Everyone in the room stared at him.
"I'm sorry!" he blurted.
"I'm not. I'd hold him down for you," Loki said, nodding approvingly.
"I enjoyed the elf man-child," Thor said. "He reminds me oddly of Volstag. They have equal boundless enthusiasm, except Volstag's is directed at food. And sometimes bloodlust."
"Do not invite that guy for movie night," Pepper murmured to Tony. "If he outeats Thor, I'm actually frightened."
"You've got a point," he said back before standing up and stretching. "Well, I liked it. The rich, emotionally and physical absent father gets to have a nice relationship with his kid, so it's obviously a ridiculous Christmas fantasy, but on the other hand, it seems to have annoyed both Loki and Steve, so it's got my approval."
Natasha gave half a grin and bit the end off her candy cane.
"I'm just amused Papa Elf didn't wake up at the end, turn to Suzanne Pleshette, and tell her what a weird dream he'd just had," she said, grinning.
"You are a very, very weird woman," Tony said. "Anybody else want fudge? Steve? Nat? Larry? Bruce?"
"Larry?" Clint asked.
"Larry," Tony said, pointing to Loki.
"Am I to infer you think this was my name at birth? Larry Laufeyson of Jotunheim?" Loki said, giving him a look that should have sent a mortal running.
"Sure, why not," Tony said. "You look like a Larry to me."
Thor quickly stepped between the two, breaking their eye contact, which was verging on the kind of posturing cobras do prior to attacking.
"Thank you for your hospitality, friend Tony, but I think perhaps we should leave. Next time, as a token of appreciation, we will bring the food."
"I am not returning," Loki said, shifting his gaze to Thor.
"Loki," Nat said, pronouncing the name very deliberately, and his eyes shifted immediately to her, "you're welcome here."
He folded his arms and remained silent, the image of barely contained fury.
"It just wouldn't be Christmas without bickering and pettiness," Bruce said, slamming the rest of his hot chocolate in a gulp. "I'm with Buddy. We need some Christmas cheer."

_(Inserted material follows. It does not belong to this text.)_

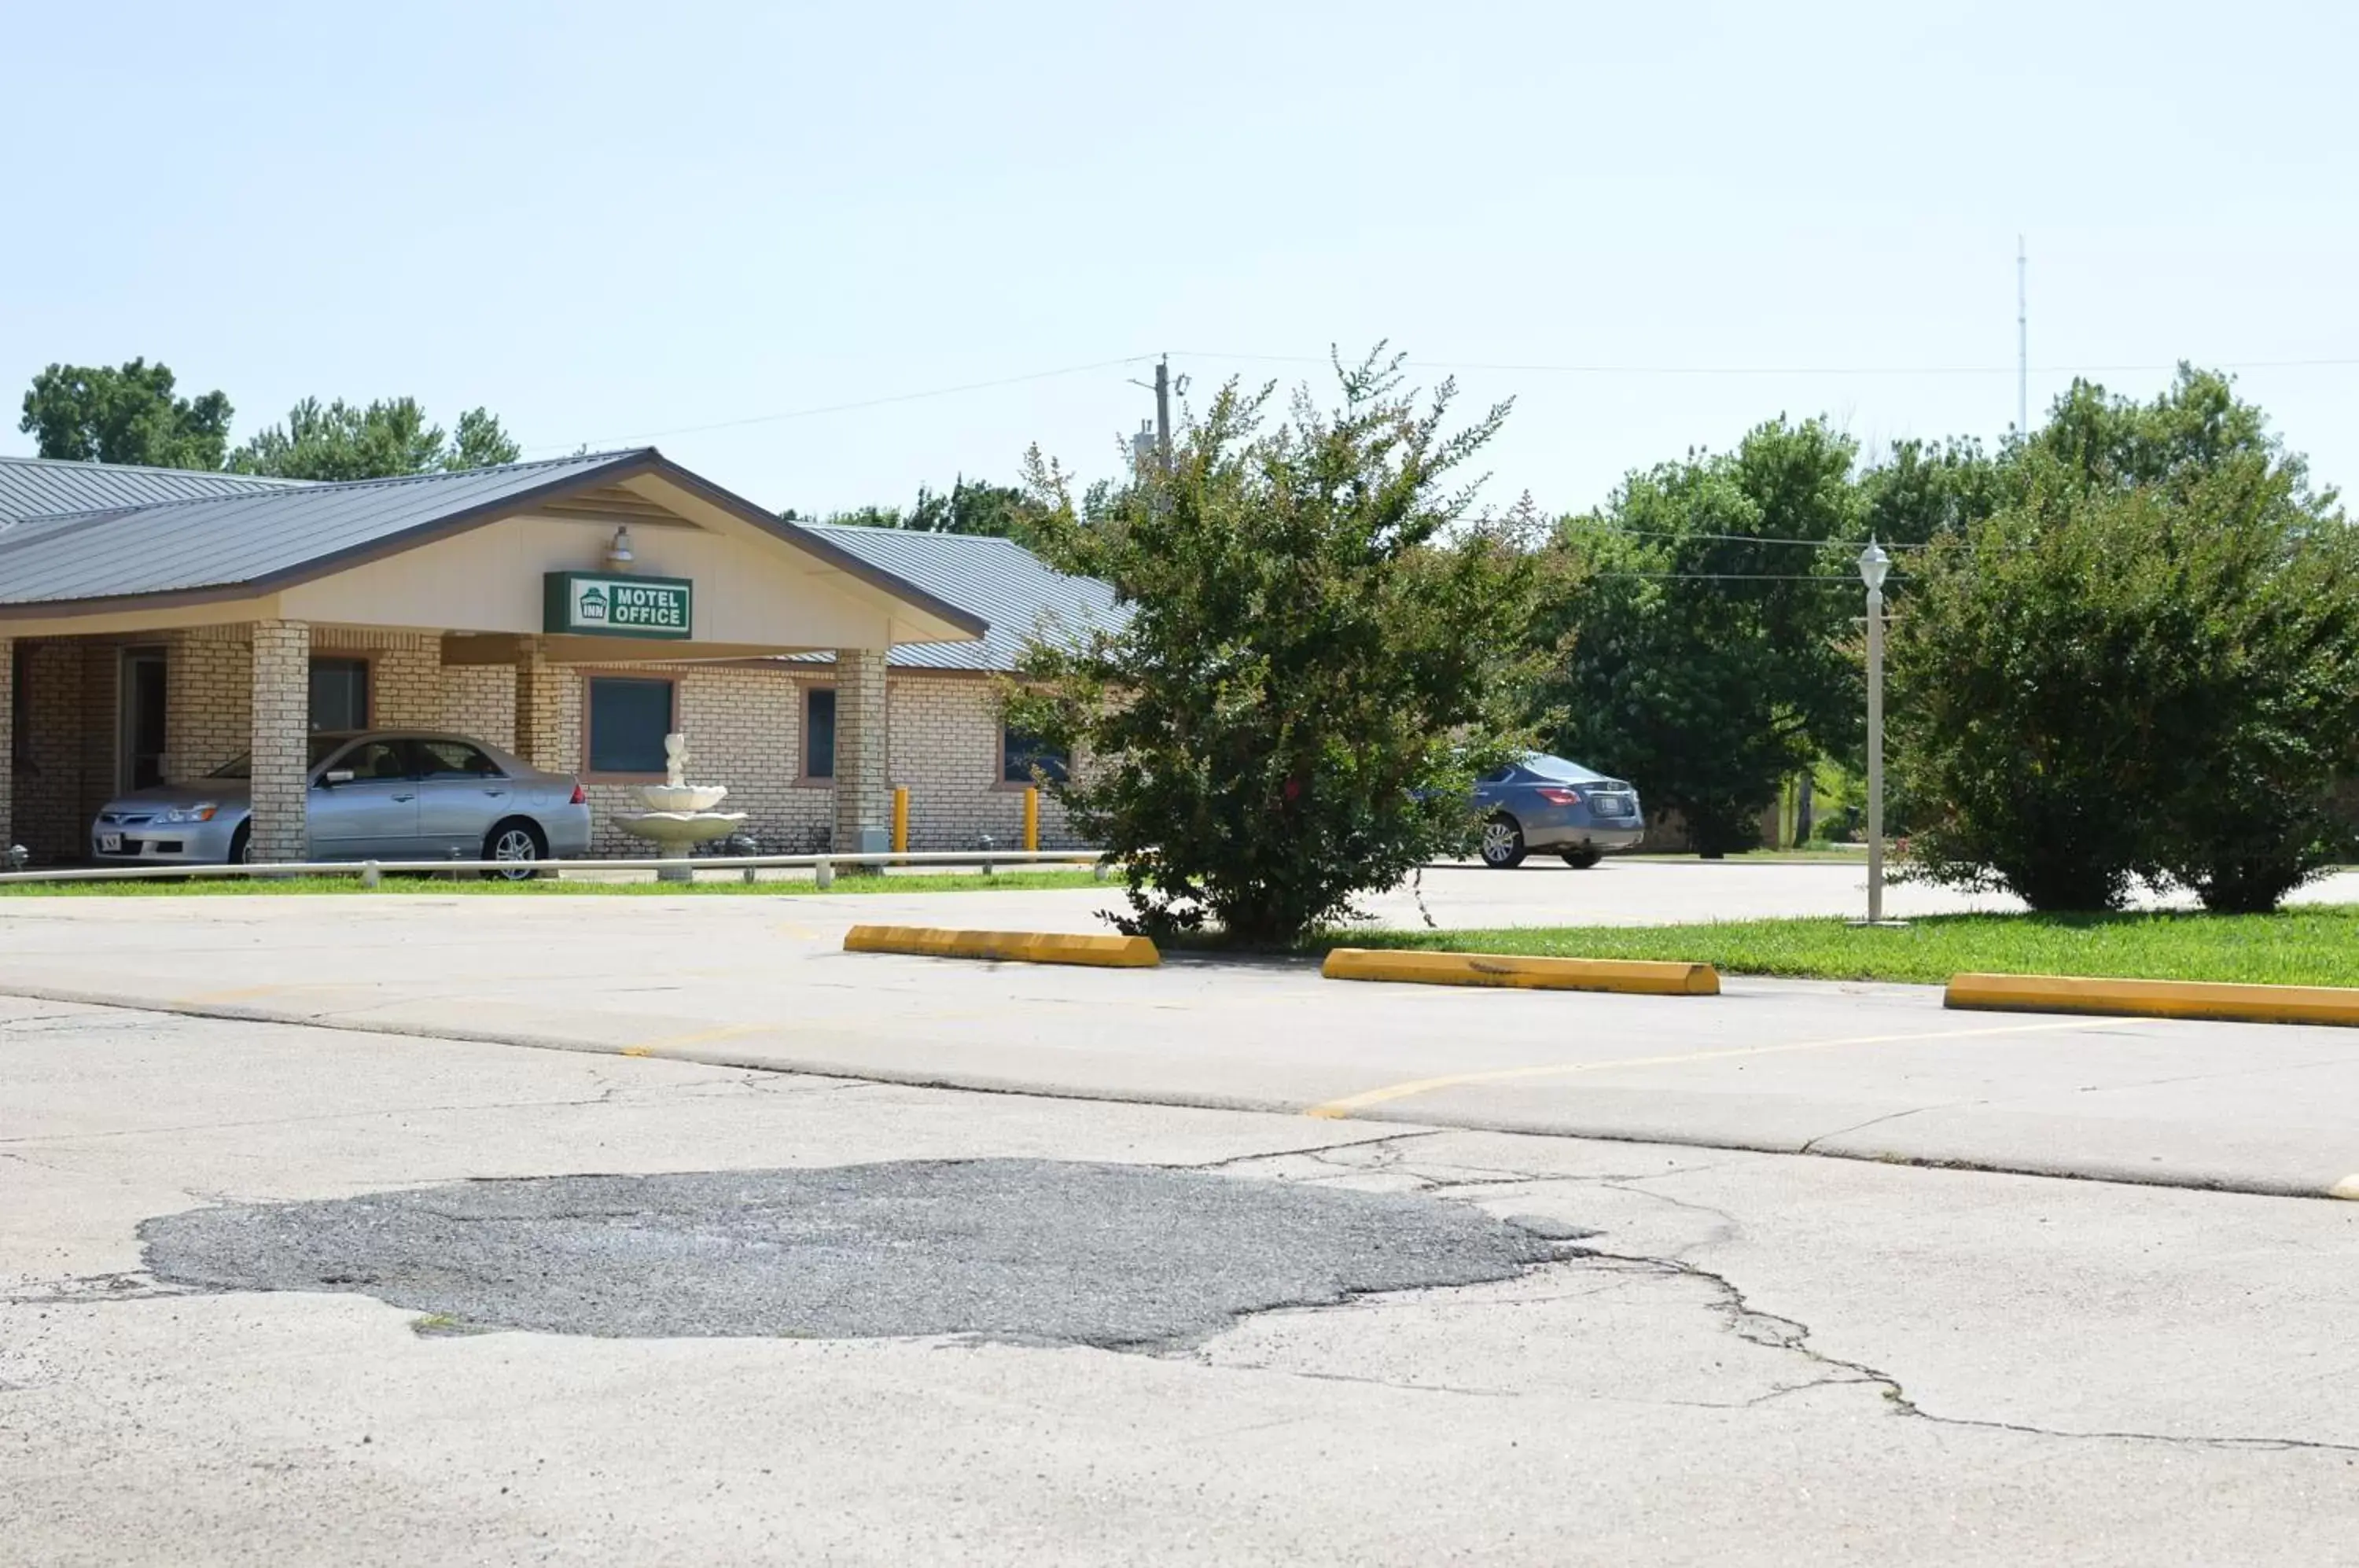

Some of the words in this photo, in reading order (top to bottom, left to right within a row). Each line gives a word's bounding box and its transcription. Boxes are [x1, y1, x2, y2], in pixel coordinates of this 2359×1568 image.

[617, 588, 678, 607] MOTEL
[583, 605, 603, 617] INN
[616, 606, 680, 624] OFFICE

"Bruce, I swear to God, if you start 'singing loud for all to hear,' I may hurt you," Tony said.
Unexpectedly, it was Clint who broke into a very off-key rendition of "Santa Claus Is Coming to Town," forgetting the words repeatedly. Everyone stared. Pepper tentatively joined in a few lines later, followed by Bruce and Steve, none of whom looked particularly jolly.
Natasha's eyes swiveled back and forth around the room as she quietly murmured, "I'm in hell, aren't I."

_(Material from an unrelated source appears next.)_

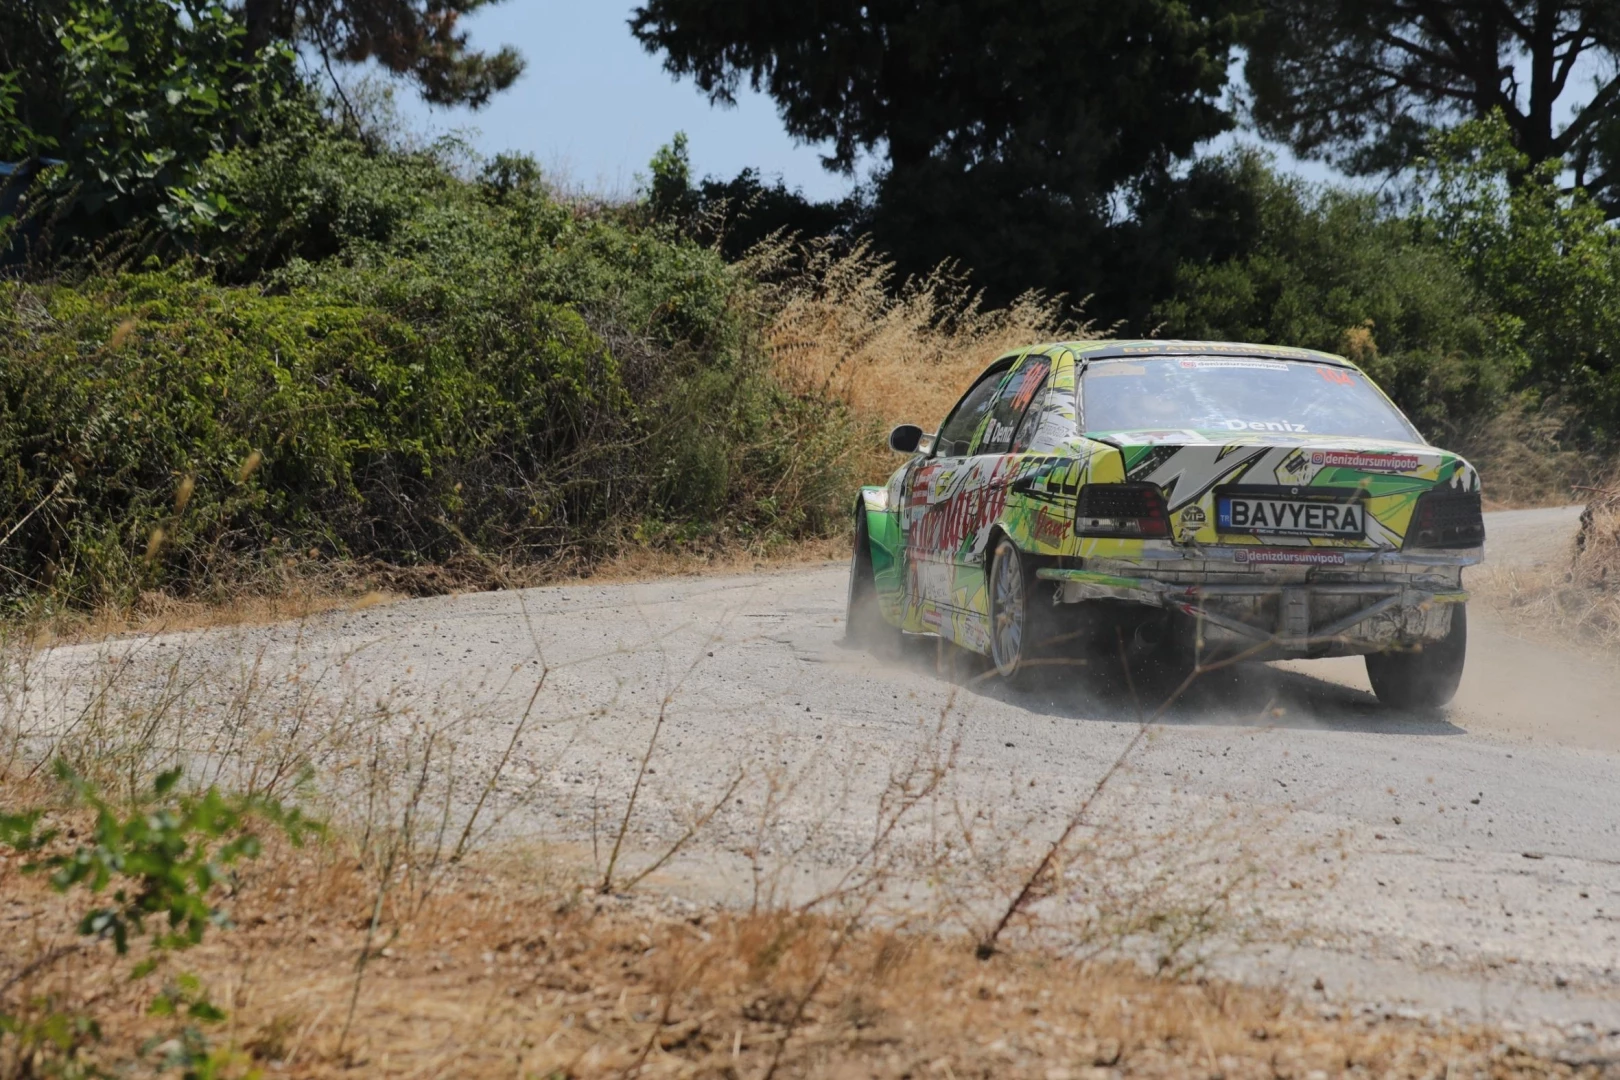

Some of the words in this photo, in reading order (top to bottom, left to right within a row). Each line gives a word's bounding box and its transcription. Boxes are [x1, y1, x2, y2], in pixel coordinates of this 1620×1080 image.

"Oh, no, Hel is far worse than this," Loki said, then squinted as Thor joined in with a particularly loud and utterly flat attempt at the lyrics that practically made Loki's teeth bleed. "It's close, though. Very close."

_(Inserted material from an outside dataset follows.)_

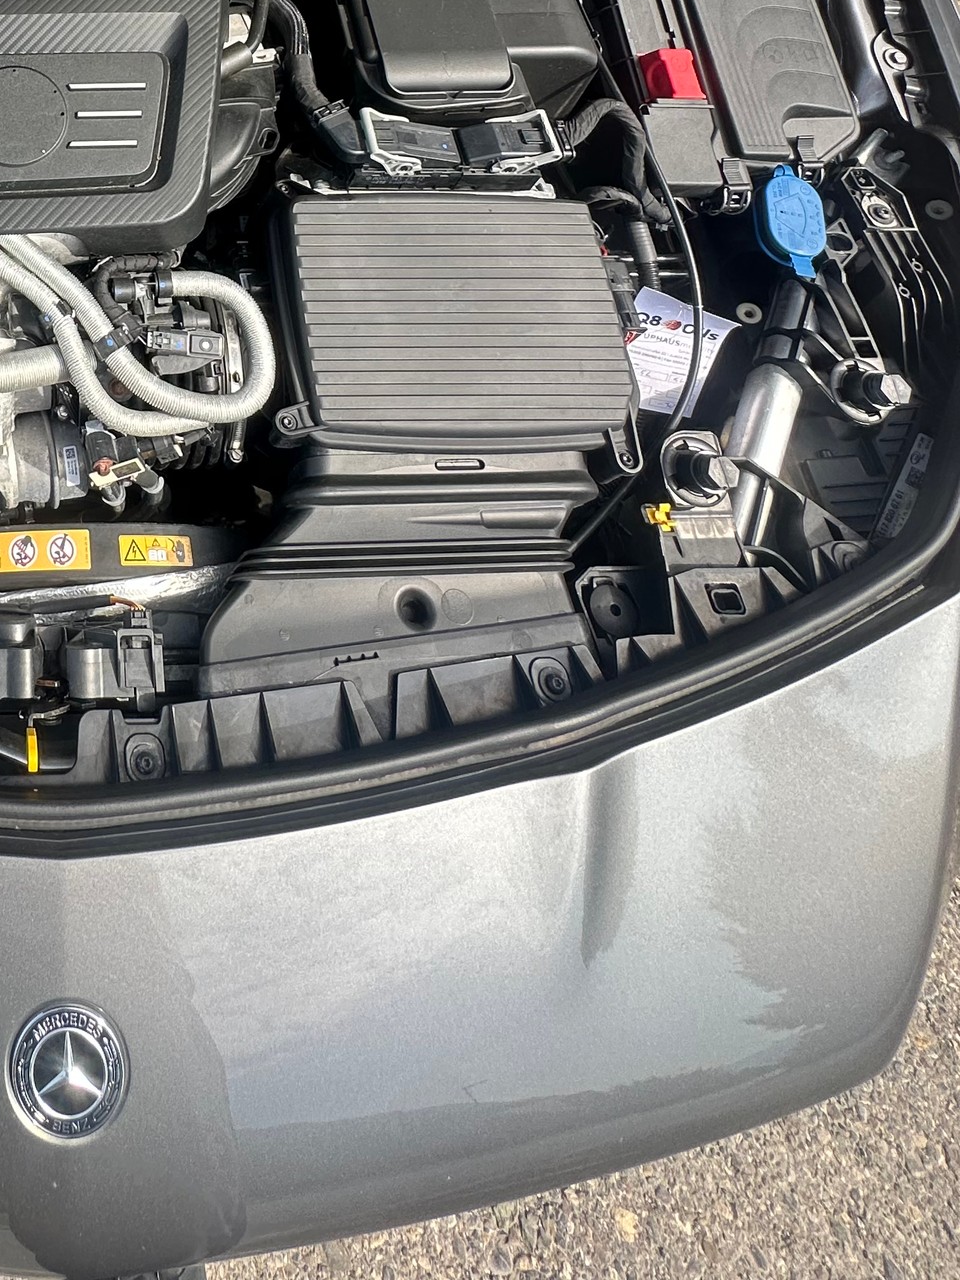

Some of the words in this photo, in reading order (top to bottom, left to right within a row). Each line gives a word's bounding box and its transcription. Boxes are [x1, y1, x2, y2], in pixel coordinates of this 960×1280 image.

[637, 311, 663, 326] Q8
[32, 1012, 105, 1042] MERCEDES
[52, 1116, 91, 1135] BENZ

He exchanged looks with her and, oddly, Tony, who looked as repulsed by the display of holiday spirit as they did.
"I'm going to that bakery with the mincemeat pies," Loki quietly said out of the corner of his mouth. "Care to join me?"
"What the hell, why not?" Tony said as Natasha gave a succinct nod.
All three of them suddenly disappeared in a shower of green sparkles, leaving the rest of the party to continue caroling. Buddy would certainly have approved.